*EXERCISE OBJECTIVE:* Every line below should come back exactly as written, though the pictures stay out.

BEGIN SUPPLIED MATERIAL

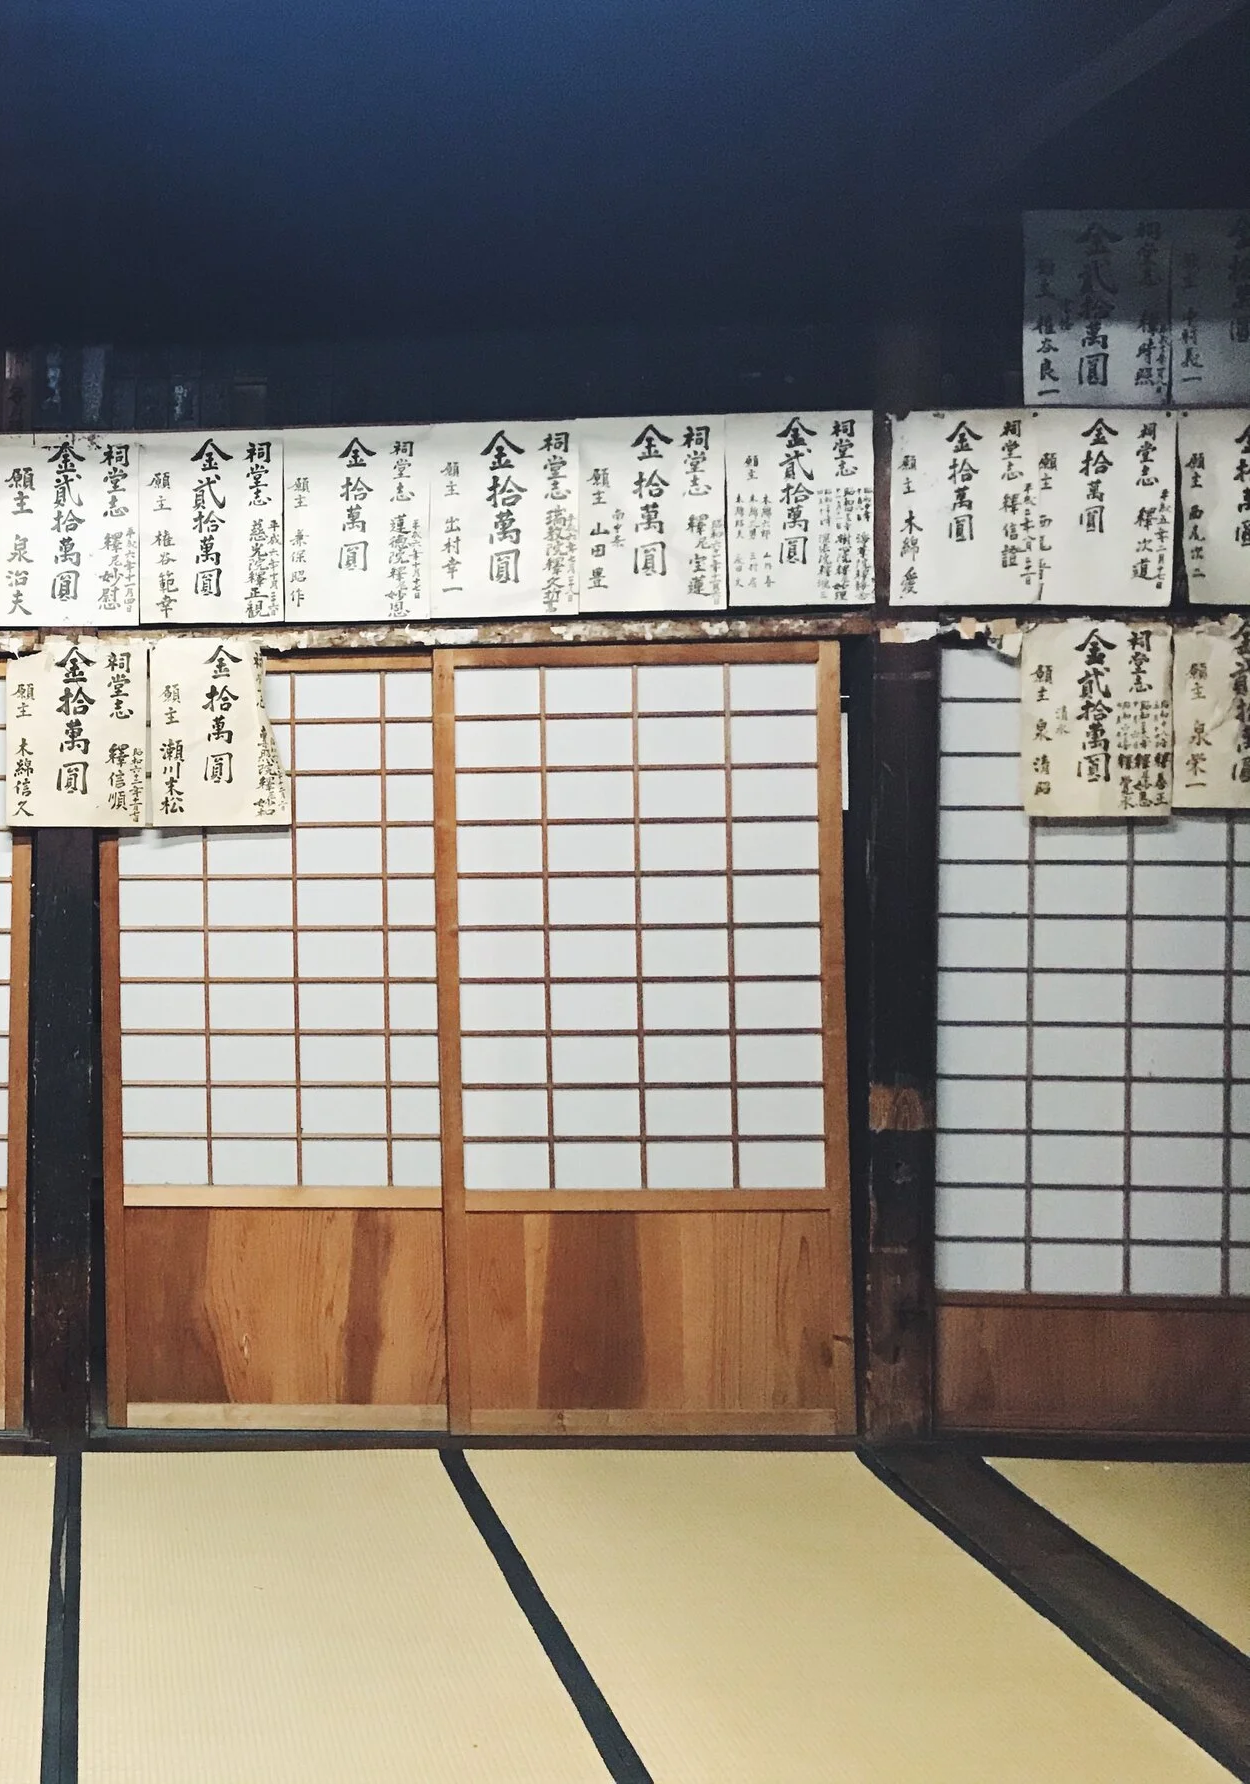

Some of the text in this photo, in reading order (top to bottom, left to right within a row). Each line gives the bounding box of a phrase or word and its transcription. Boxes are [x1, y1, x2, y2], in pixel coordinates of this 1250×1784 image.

[100, 444, 130, 517] 祠堂志
[243, 441, 272, 506] 祠堂志
[390, 441, 415, 502] 祠堂志
[538, 432, 571, 500] 祠堂志
[681, 426, 712, 496] 祠堂志
[830, 419, 858, 477] 祠堂志
[898, 455, 916, 495] 願主
[1000, 420, 1024, 481] 祠堂志
[1079, 418, 1118, 533] 金拾萬圓
[1136, 422, 1159, 486] 祠堂志
[1184, 452, 1205, 488] 願主
[4, 467, 35, 515] 願主
[146, 472, 172, 511] 願主
[287, 477, 310, 508] 願主
[338, 437, 377, 571] 金拾萬圓
[480, 430, 528, 583] 金拾萬圓
[586, 468, 610, 506] 願主
[631, 424, 674, 576] 金拾萬圓
[776, 417, 817, 564] 金貳拾萬圓
[946, 421, 983, 542] 金拾萬圓
[46, 441, 86, 601] 金貳拾萬圓
[190, 438, 233, 597] 金貳拾萬圓
[440, 462, 463, 592] 願主 出村幸一
[105, 652, 134, 719] 祠堂志
[1030, 664, 1053, 702] 願主
[1127, 630, 1153, 693] 祠堂志
[1185, 662, 1208, 700] 願主
[12, 683, 35, 718] 願主
[54, 646, 96, 795] 金拾萬圓
[162, 683, 181, 725] 願主
[202, 645, 242, 783] 金拾萬圓
[1074, 628, 1117, 782] 金貳拾萬圓
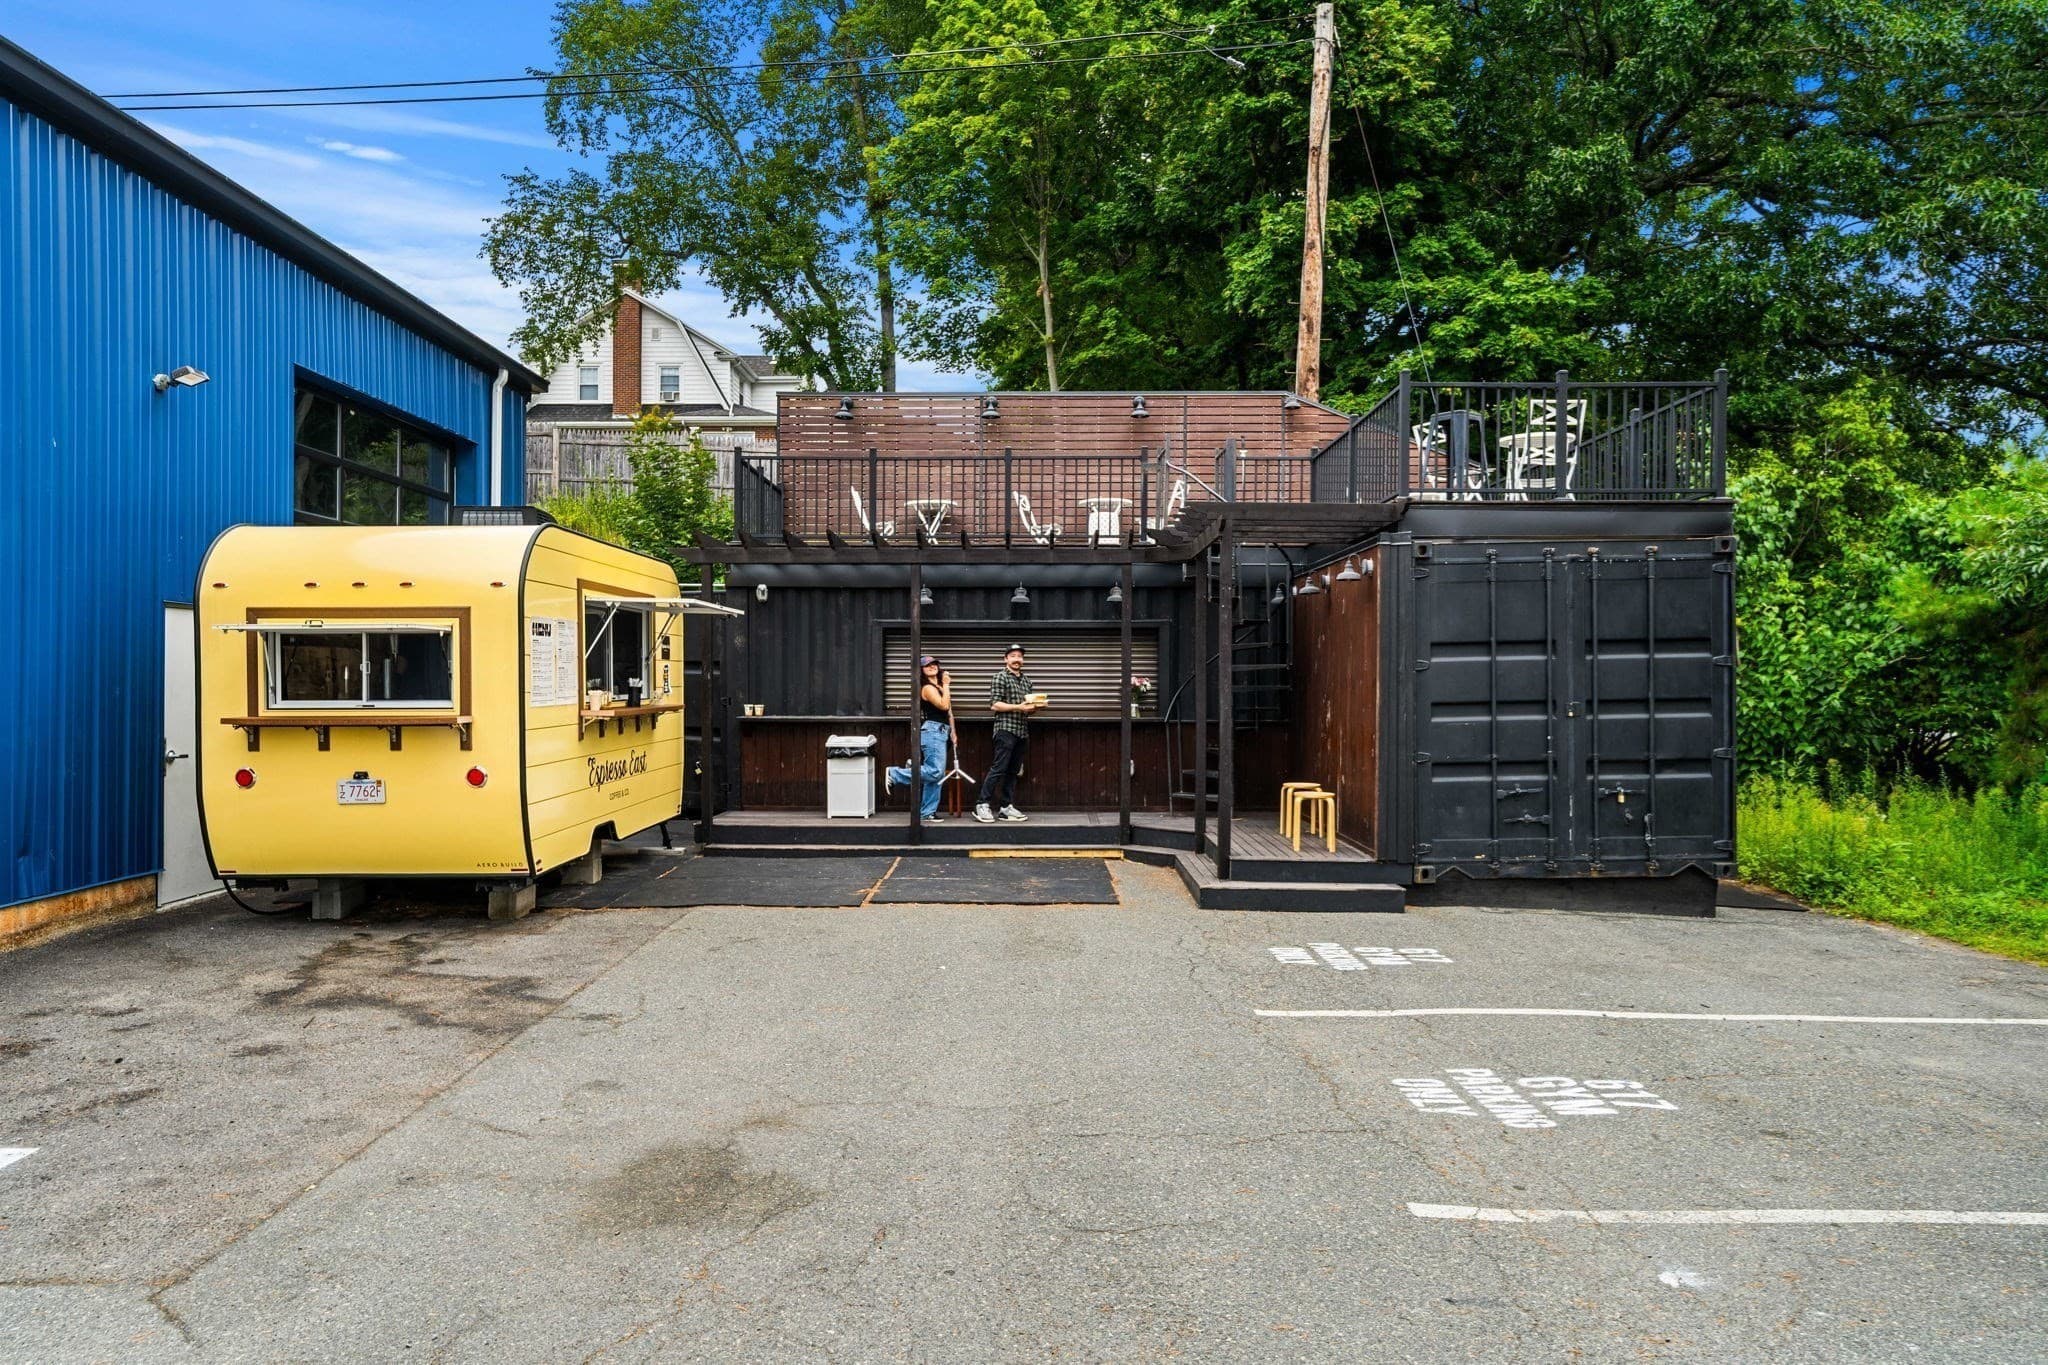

END SUPPLIED MATERIAL

*WRITTEN SOLUTION:*
Some of the text in this photo, in reading order (top to bottom, left to right within a row). Each line gives the bounding box of a phrase or word and its transcription. Boxes are [x1, y1, x2, y2], in pixel coordinates of this 1250×1784 image.

[100, 444, 130, 517] 祠堂志
[243, 441, 272, 506] 祠堂志
[390, 441, 415, 502] 祠堂志
[538, 432, 571, 500] 祠堂志
[681, 426, 712, 496] 祠堂志
[830, 419, 858, 477] 祠堂志
[898, 455, 916, 495] 願主
[1000, 420, 1024, 481] 祠堂志
[1079, 418, 1118, 533] 金拾萬圓
[1136, 422, 1159, 486] 祠堂志
[1184, 452, 1205, 488] 願主
[4, 467, 35, 515] 願主
[146, 472, 172, 511] 願主
[287, 477, 310, 508] 願主
[338, 437, 377, 571] 金拾萬圓
[480, 430, 528, 583] 金拾萬圓
[586, 468, 610, 506] 願主
[631, 424, 674, 576] 金拾萬圓
[776, 417, 817, 564] 金貳拾萬圓
[946, 421, 983, 542] 金拾萬圓
[46, 441, 86, 601] 金貳拾萬圓
[190, 438, 233, 597] 金貳拾萬圓
[440, 462, 463, 592] 願主 出村幸一
[105, 652, 134, 719] 祠堂志
[1030, 664, 1053, 702] 願主
[1127, 630, 1153, 693] 祠堂志
[1185, 662, 1208, 700] 願主
[12, 683, 35, 718] 願主
[54, 646, 96, 795] 金拾萬圓
[162, 683, 181, 725] 願主
[202, 645, 242, 783] 金拾萬圓
[1074, 628, 1117, 782] 金貳拾萬圓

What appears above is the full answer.